Free-text object descriptions:
◆ ◆ ◆ ◆ ◆

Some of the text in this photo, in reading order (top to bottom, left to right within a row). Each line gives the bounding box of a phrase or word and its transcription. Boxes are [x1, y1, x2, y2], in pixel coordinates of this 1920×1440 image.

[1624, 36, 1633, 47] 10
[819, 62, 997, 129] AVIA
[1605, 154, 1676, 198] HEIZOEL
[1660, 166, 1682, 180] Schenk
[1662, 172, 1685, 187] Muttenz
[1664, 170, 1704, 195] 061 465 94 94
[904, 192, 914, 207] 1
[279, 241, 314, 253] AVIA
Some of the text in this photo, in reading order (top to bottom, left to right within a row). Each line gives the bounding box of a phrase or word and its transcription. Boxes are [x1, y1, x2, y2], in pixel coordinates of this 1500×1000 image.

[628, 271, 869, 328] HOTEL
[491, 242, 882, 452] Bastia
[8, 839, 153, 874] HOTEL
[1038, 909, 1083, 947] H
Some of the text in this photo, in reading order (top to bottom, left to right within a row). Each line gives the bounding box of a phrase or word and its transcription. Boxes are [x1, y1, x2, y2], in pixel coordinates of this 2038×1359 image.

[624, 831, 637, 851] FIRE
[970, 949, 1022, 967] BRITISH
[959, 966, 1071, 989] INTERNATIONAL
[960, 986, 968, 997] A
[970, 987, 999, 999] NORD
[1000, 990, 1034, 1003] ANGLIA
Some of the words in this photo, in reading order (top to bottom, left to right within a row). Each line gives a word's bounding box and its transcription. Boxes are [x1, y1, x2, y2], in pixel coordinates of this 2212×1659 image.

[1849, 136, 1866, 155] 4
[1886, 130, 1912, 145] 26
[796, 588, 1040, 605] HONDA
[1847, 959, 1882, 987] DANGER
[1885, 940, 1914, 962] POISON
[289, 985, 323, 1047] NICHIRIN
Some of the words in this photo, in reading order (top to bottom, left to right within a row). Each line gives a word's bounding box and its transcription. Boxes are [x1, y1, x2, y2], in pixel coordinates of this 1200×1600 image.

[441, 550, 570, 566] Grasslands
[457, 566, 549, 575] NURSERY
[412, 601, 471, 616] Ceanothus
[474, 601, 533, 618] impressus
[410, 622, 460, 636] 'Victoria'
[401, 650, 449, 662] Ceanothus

◆ ◆ ◆ ◆ ◆

» **WHAT IS BEING ASKED**:
Having found the line with "this 1200×1600 image.", transcribe it and each line after it to the end of the entries, with no other lines.

» **TASK OUTPUT**:
Some of the words in this photo, in reading order (top to bottom, left to right within a row). Each line gives a word's bounding box and its transcription. Boxes are [x1, y1, x2, y2], in pixel coordinates of this 1200×1600 image.

[441, 550, 570, 566] Grasslands
[457, 566, 549, 575] NURSERY
[412, 601, 471, 616] Ceanothus
[474, 601, 533, 618] impressus
[410, 622, 460, 636] 'Victoria'
[401, 650, 449, 662] Ceanothus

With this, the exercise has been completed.